Denmark’s rail agency is facing uncomfortable questions after reports that a Moscow-based IT company, Saprun, had access to a system logging military transports on the railway.
According to ABC Nyheter, citing Danish outlet Ingeniøren, the information could include when Danish forces and NATO allies moved military equipment by train, including heavy gear such as tanks and missiles.
Banedanmark says the Russian supplier has had no access since Russia’s full-scale invasion of Ukraine in 2022, and there is no public evidence in the available sources that Saprun or Russian authorities misused the information. Still, the case lands at a sensitive moment.
Europe wants rail to carry more people and freight because it is cleaner, quieter, and less polluting than road transport, but those same tracks are also becoming part of NATO’s defense planning.
What Banedanmark says happened
According to the reports, Banedanmark worked for several years with Saprun, an IT company based in Moscow. The company reportedly had access to an IT system that logged information about military transports by rail, including movements involving Denmark’s armed forces and NATO allies.
Banedanmark’s press chief Andreas Hald told ABC Nyheter that the agency ended all agreements with Saprun immediately after Russia invaded Ukraine. He also said the supplier’s access has been “cut off since the outbreak of the war in 2022,” and that Banedanmark complied with the law when the contract was signed.
That is an important clarification, but it does not erase the bigger question. Why was a Russian IT supplier ever close to systems containing sensitive military movement data?
Why train data matters
A single train movement may not reveal much on its own. But patterns over weeks or months can show where equipment is going, how often it moves, and which routes matter most.
Think of it like footprints in fresh snow. One mark is just a mark, but a trail tells you where someone has been going every day. NATO now says allies need to move forces across alliance territory “quickly and efficiently,” which makes transport data more valuable than it may look at first glance.
For Denmark, geography adds another layer. The country can serve as a transit point for allied movement in northern Europe, especially toward the Baltic region and NATO’s eastern flank. In practical terms, a rail schedule can become intelligence if the wrong people can connect enough dots.
A defense link raises eyebrows
The case has also drawn attention because of reported links between Saprun’s parent company and Russia’s Tactical Missiles Corporation, known as KTRV. The U.S. Treasury describes KTRV as a large state-owned Russian defense conglomerate that produces weapons systems, including hypersonic weapons and anti-ship missiles.
U.S. authorities also sanctioned Boris Viktorovich Obnosov, KTRV’s general director, in 2022. That does not prove Saprun misused Danish rail data, and it should not be presented as proof. But it does show why supplier checks around critical infrastructure can no longer be treated like ordinary paperwork.
At the end of the day, this is not just about one contract. It is about whether governments fully understand who touches the digital systems behind railways, ports, energy grids, and other services people depend on every day.
The green rail angle
Rail is one of Europe’s strongest tools for cutting transport emissions. The European Environment Agency says transport accounted for about 31% of EU greenhouse gas emissions in 2023, while rail remained the lowest contributor and its emissions fell 73.7% from 1990 to 2023.
That is why governments want more freight and passengers on trains. Fewer trucks on the road can mean less exhaust, less noise, and fewer traffic jams that leave everyone breathing fumes on a hot afternoon.
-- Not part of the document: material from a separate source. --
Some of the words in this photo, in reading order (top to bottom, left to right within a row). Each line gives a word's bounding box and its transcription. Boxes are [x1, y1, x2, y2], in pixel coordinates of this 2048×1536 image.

But greener does not automatically mean safer. Modern railways run on digital layers, including signaling, maintenance software, traffic management, supplier platforms, and data logs. If those layers are weak, a climate-friendly transport system can become a tempting target.
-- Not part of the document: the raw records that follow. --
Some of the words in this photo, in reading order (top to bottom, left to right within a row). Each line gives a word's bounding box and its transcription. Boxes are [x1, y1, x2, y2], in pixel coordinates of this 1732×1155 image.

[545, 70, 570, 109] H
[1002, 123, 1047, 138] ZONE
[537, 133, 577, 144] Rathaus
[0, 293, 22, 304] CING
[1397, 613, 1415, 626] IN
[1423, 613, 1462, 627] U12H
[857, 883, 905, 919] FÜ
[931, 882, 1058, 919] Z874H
Denmark has already warned us
Denmark’s own authorities have warned that the transport sector faces serious cyber risks. In an April 2025 assessment, the Danish Resilience Agency said the cyber espionage threat against the transport sector is “very high,” and the warning covers land, air, and rail transport.
The agency also said transport companies that supply the armed forces or take part in large tenders may be especially exposed. That line feels tailor-made for this case, even if the assessment was broader than Banedanmark alone.
The concerns are not only theoretical. In December 2024, Denmark’s National Audit Office said Banedanmark had “significant vulnerabilities” in the IT security of its signaling system and called the situation highly unsatisfactory.
It warned that IT incidents could disrupt or halt train operations, creating trouble for passengers, businesses, and possibly the wider economy.
What readers should keep in mind
The most important fact is also the most careful one. The available sources do not document misuse of the data by Saprun or Russian authorities.
Still, the lesson is clear. Green infrastructure is no longer only an environmental project, it is also a cybersecurity project, a defense project, and in some cases a business-risk problem for every supplier connected to critical systems.
That means stronger vetting, tighter access controls, better logging, and regular reviews when the geopolitical picture changes. No panic, just tougher questions before sensitive systems are handed to outside vendors.
The official transport sector threat assessment was published on SAMSIK, the Danish Resilience Agency’s cyber security site.